There is strong evidential support for the “fetal origins” hypothesis, which connects adulthood hypertension, insulin resistance, and dyslipidemia to adverse intrauterine conditions during gestation that might be associated with disproportionate fetal growth. An increased risk for adult metabolic disorders is well documented for subjects born growth retarded (1). In addition, there are substantial data indicating that accelerated fetal growth predisposes to later obesity (2), especially in diabetic pregnancies (3). Therefore, normalization of fetal growth is a principle in the management of pregnancies with diabetes. Therapeutic strategies that focus on tight glucose control have often limited success in avoiding accelerated growth and may even result in growth restriction. In overweight pregnant women, fetal growth seems to be determined only to a small extent by maternal glucose values (4), and normalization of fetal growth may only be achieved by the addition of insulin therapy despite apparently good glucose control with diet (5).

In view of increasing evidence that obesity, diabetes and cardiovascular diseases in later life may have prenatal antecedents, investigation of the determinants of intrauterine environment and fetal growth have become an important area of research. Variation of birth weight is strongly determined by neonatal fat mass, and it is likely that fetal growth disorders might also result from variations in maternal and fetal lipid metabolism. In nondiabetic pregnancies, maternal triglycerides (TGs) have been shown to be correlated with birth weight (69).

Our study aimed to determine the potential relationship of maternal serum glucose and lipids to intrauterine metabolic environment and fetal growth during late pregnancy in well-controlled gestational diabetic women. Therefore, we investigated the correlation of maternal serum lipid and glucose parameters, measured at different time points in the 3rd trimester of pregnancy, with fetal and neonatal anthropometric parameters and with the correspondent parameters in cord blood representing the current intrauterine metabolic environment of newborns that are small (SGA), appropriate (AGA), and large for gestational age (LGA) from pregnancies complicated by gestational diabetes mellitus (GDM).

The study population was derived from a prior intervention study that compared different management strategies in GDM (10).
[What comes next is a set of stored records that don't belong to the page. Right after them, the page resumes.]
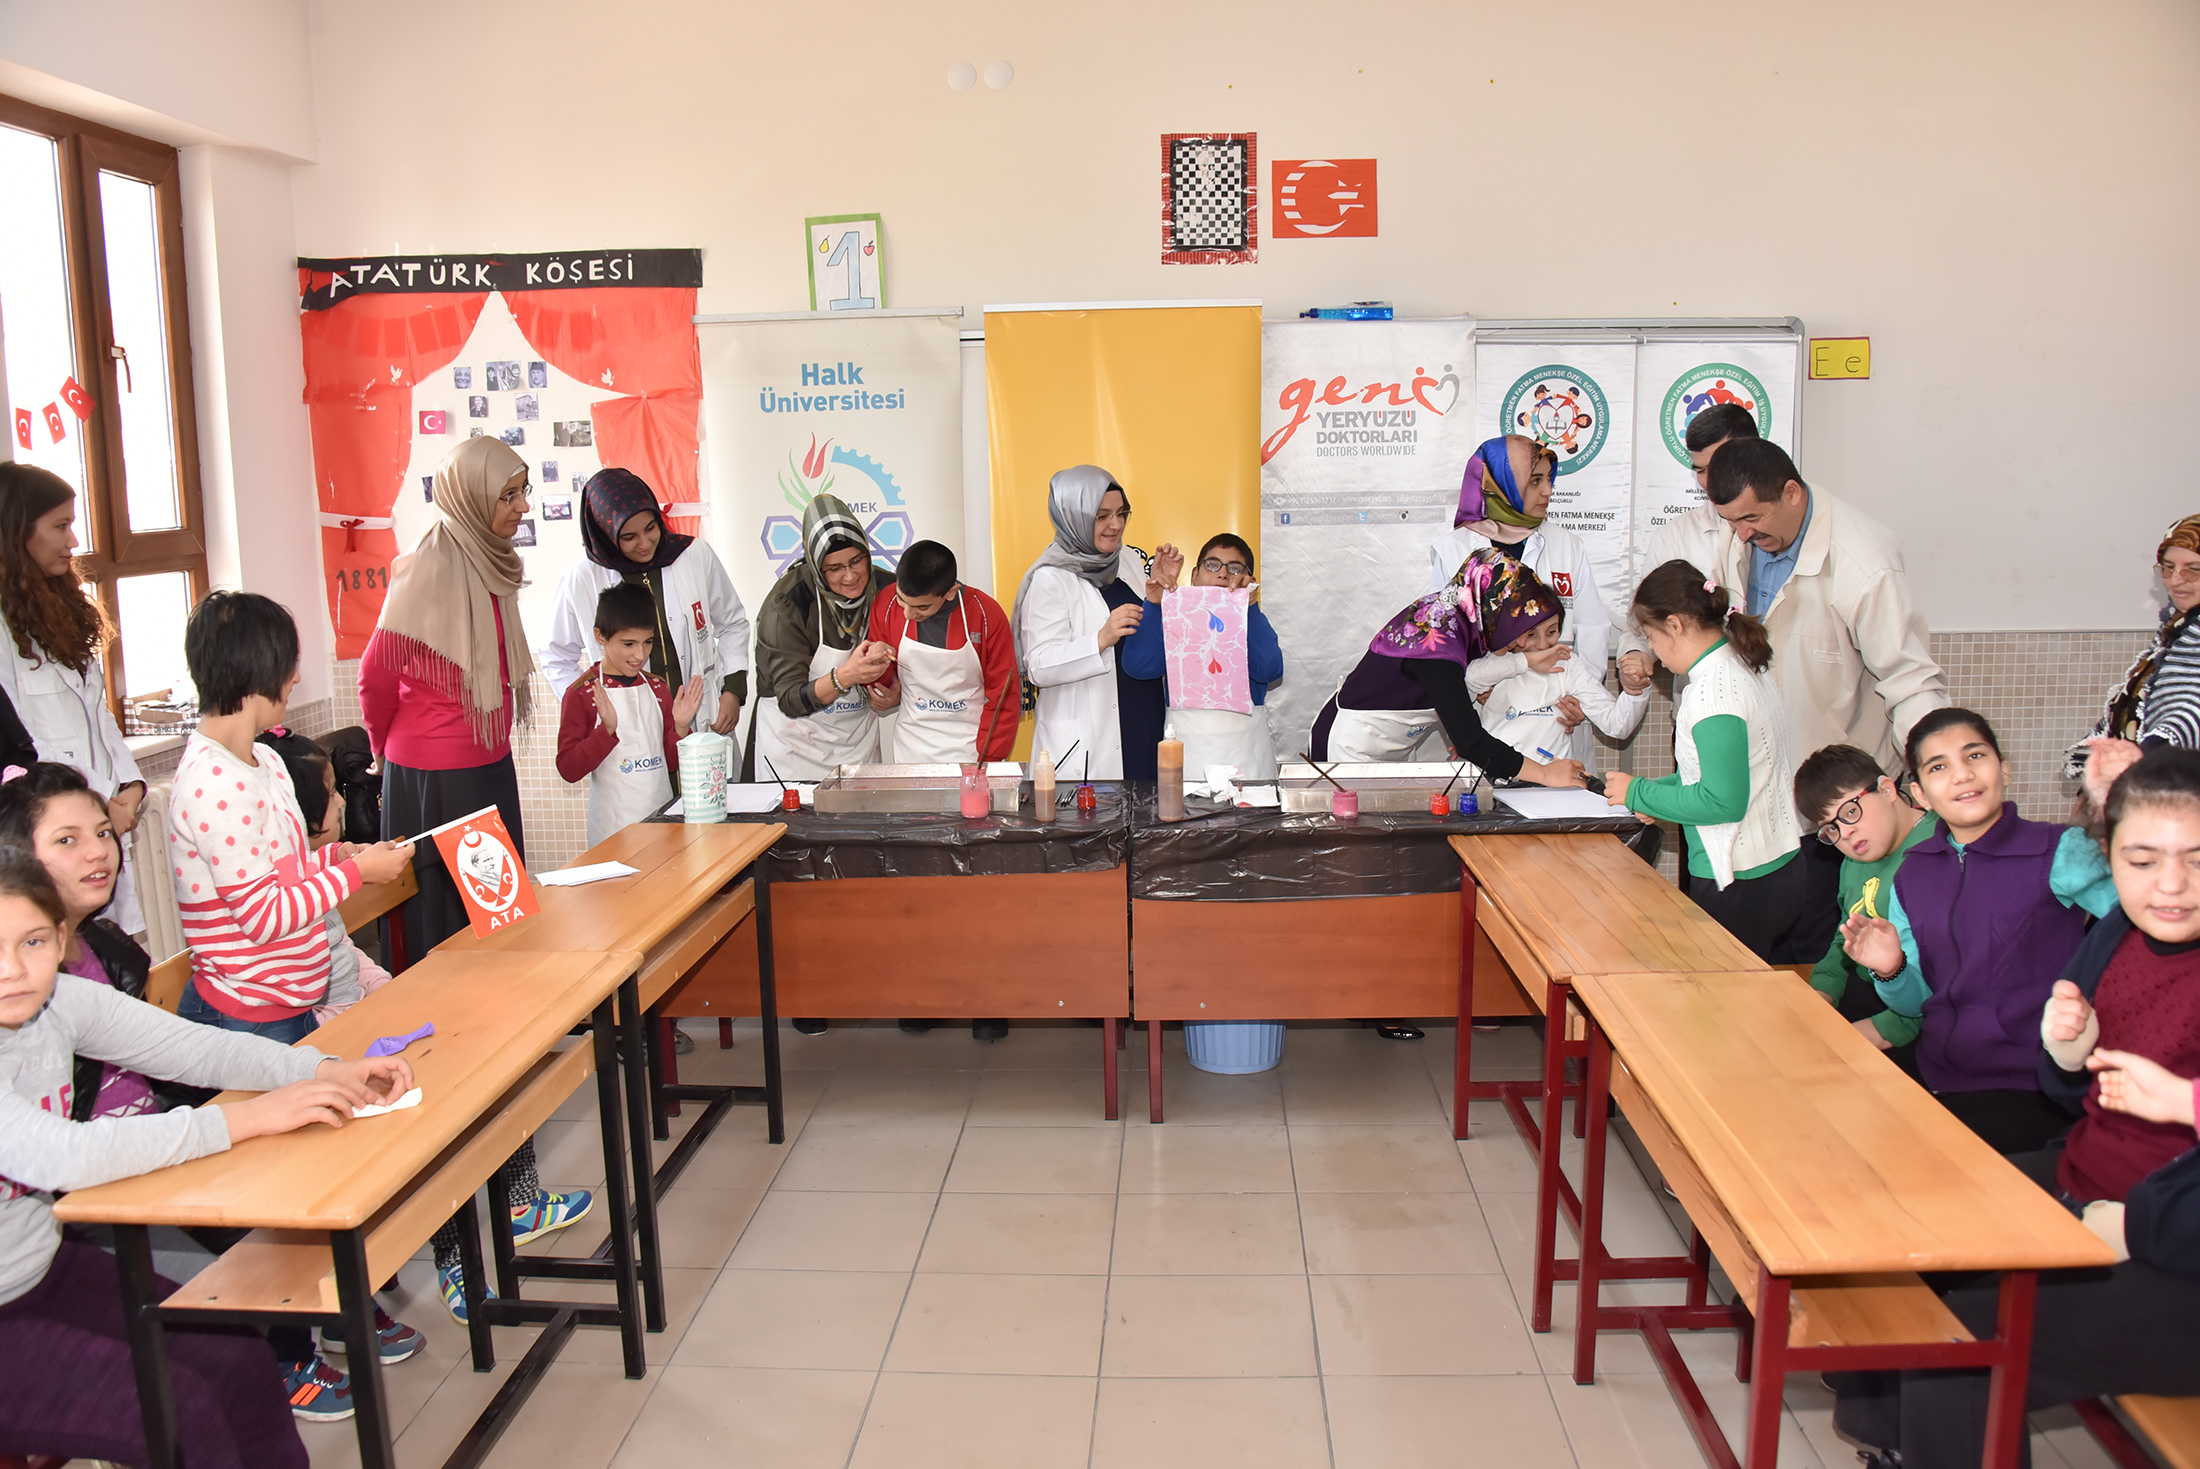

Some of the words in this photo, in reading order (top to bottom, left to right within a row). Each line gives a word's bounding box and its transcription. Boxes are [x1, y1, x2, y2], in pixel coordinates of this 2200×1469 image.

[330, 258, 492, 298] ATATÜRK
[526, 253, 634, 285] KÖŞESİ
[1816, 346, 1829, 376] E
[801, 362, 864, 387] Halk
[1515, 378, 1534, 395] FATMA
[1566, 371, 1583, 384] ÖZEL
[1672, 379, 1692, 397] FATMA
[1725, 370, 1743, 381] ÖZEL
[760, 387, 905, 413] Üniversitesi
[1316, 430, 1418, 444] DOKTORLARI
[1316, 446, 1358, 457] DOCTORS
[1361, 445, 1416, 456] WORLDWIDE
[1578, 523, 1607, 531] MERKEZİ
[1584, 512, 1615, 521] MENEKŞE
[336, 566, 388, 592] 1881
[929, 699, 966, 710] KOMEK
[490, 906, 525, 930] ATA
All women had GDM diagnosed based on a 75-g oral glucose tolerance test (OGTT) with determination of three glucose values in capillary blood using the hexokinase method; at least two values had to exceed the Carpenter & Coustan criteria, which are endorsed by the American Diabetes Association (95/180/155 mg/dl) for measurements in venous plasma. With respect to lower glucose concentrations in capillary compared with venous blood, the threshold for fasting glucose was modified into 90 mg/dl, while postchallenge capillary glucose levels correspond with those in venous blood (11). The women were given dietary instruction and performed self-monitoring of blood glucose. Additional insulin therapy was given either based principally on maternal glucose levels or on fetal growth, as described previously (10). Data regarding maternal and neonatal characteristics, maternal glucose values from the diagnostic OGTT, and mean fasting and postprandial values from glucose profiles measured twice weekly were extracted from the database of the primary study.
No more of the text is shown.